_EXERCISE INSTRUCTIONS:_
Extract the records below word for word and ignore the images.

#### SOURCE DATA

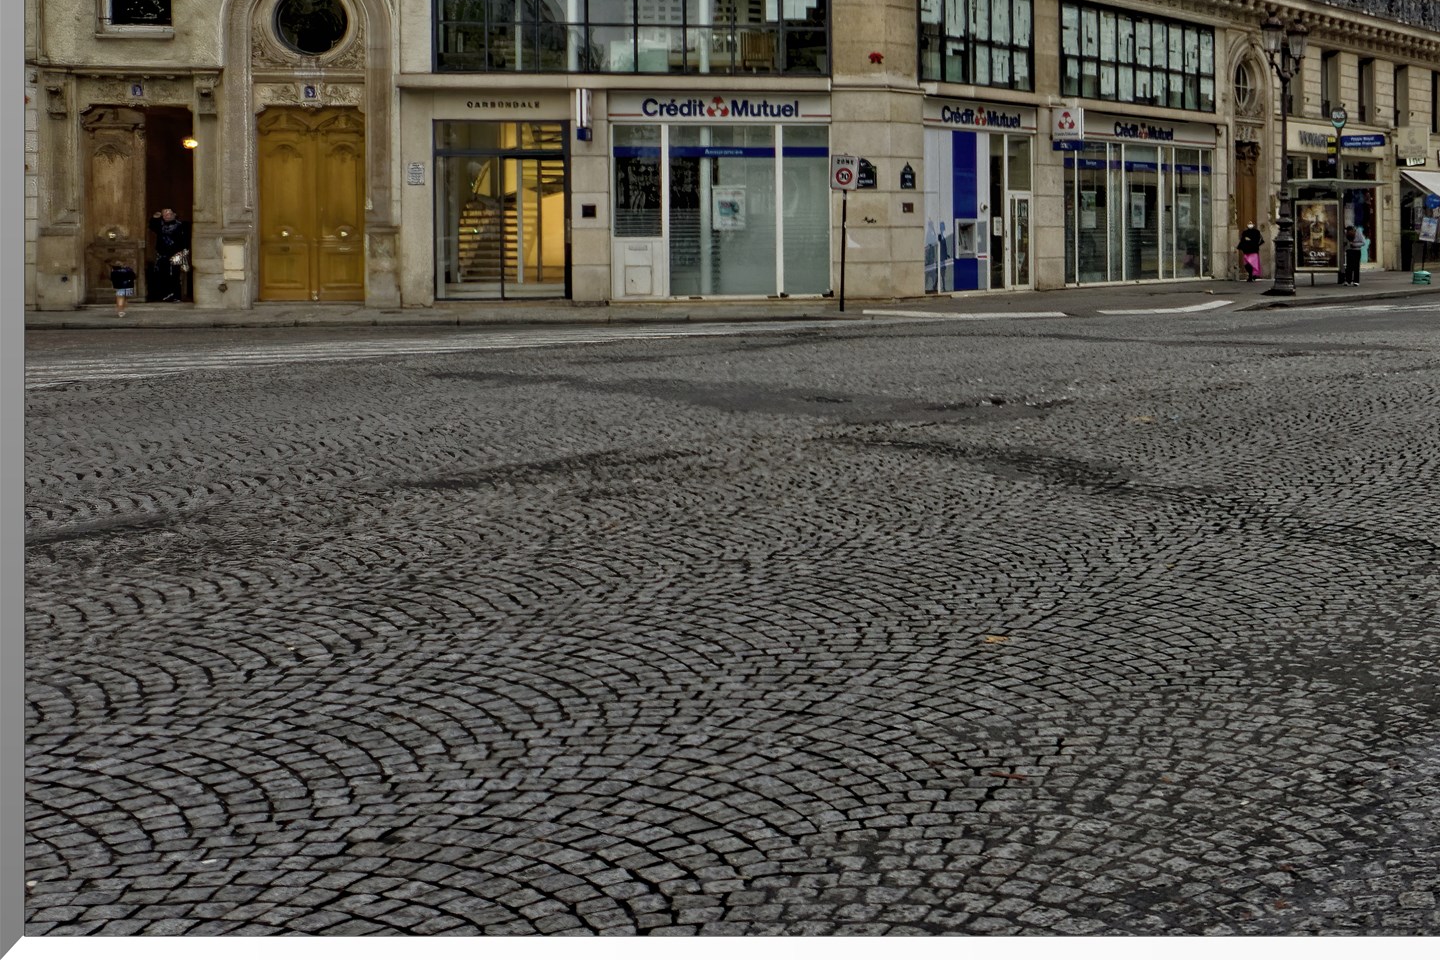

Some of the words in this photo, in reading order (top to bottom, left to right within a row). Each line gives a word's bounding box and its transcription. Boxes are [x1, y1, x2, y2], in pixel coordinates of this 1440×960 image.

[642, 98, 705, 117] Crédit
[731, 100, 799, 117] Mutuel
[942, 106, 975, 125] Crédit
[986, 111, 1021, 128] Mutuel
[1332, 111, 1346, 119] BUS
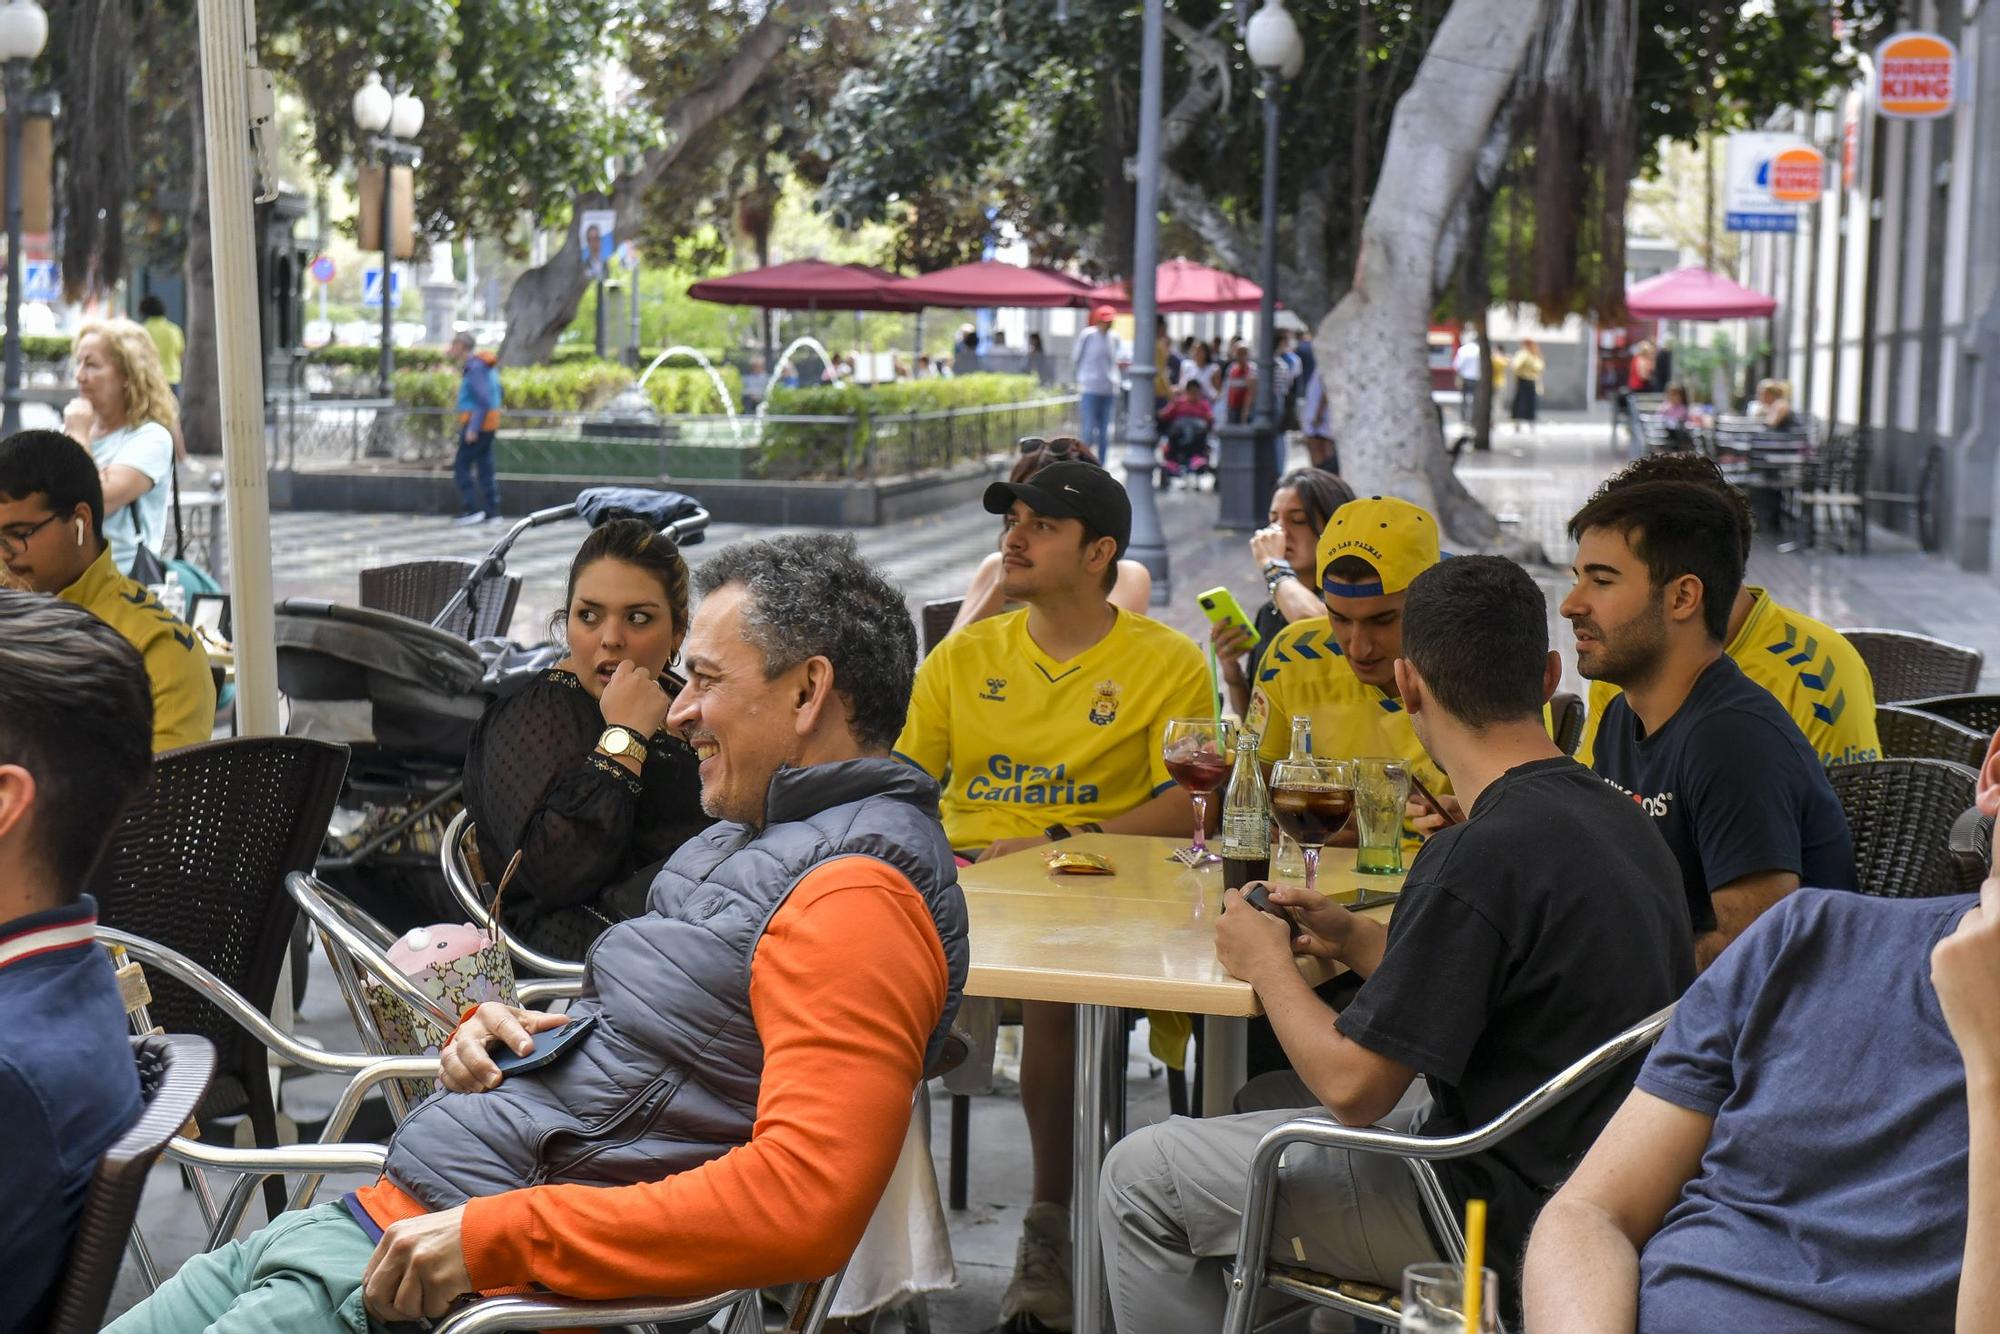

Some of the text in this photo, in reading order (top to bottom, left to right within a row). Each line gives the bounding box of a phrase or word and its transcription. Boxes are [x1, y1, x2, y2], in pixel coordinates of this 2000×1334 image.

[1881, 79, 1951, 98] KING
[1354, 541, 1382, 560] PALMAS
[967, 776, 1098, 804] Canaria

########

_RESPONSE TO THIS TASK:_
Some of the words in this photo, in reading order (top to bottom, left to right within a row). Each line gives a word's bounding box and its transcription. Boxes are [x1, y1, x2, y2], in pixel coordinates of this 1440×960 image.

[642, 98, 705, 117] Crédit
[731, 100, 799, 117] Mutuel
[942, 106, 975, 125] Crédit
[986, 111, 1021, 128] Mutuel
[1332, 111, 1346, 119] BUS

Some of the text in this photo, in reading order (top to bottom, left to right within a row). Each line gives the bounding box of a phrase or word and its transcription. Boxes are [x1, y1, x2, y2], in pixel coordinates of this 2000×1334 image.

[1881, 79, 1951, 98] KING
[1354, 541, 1382, 560] PALMAS
[967, 776, 1098, 804] Canaria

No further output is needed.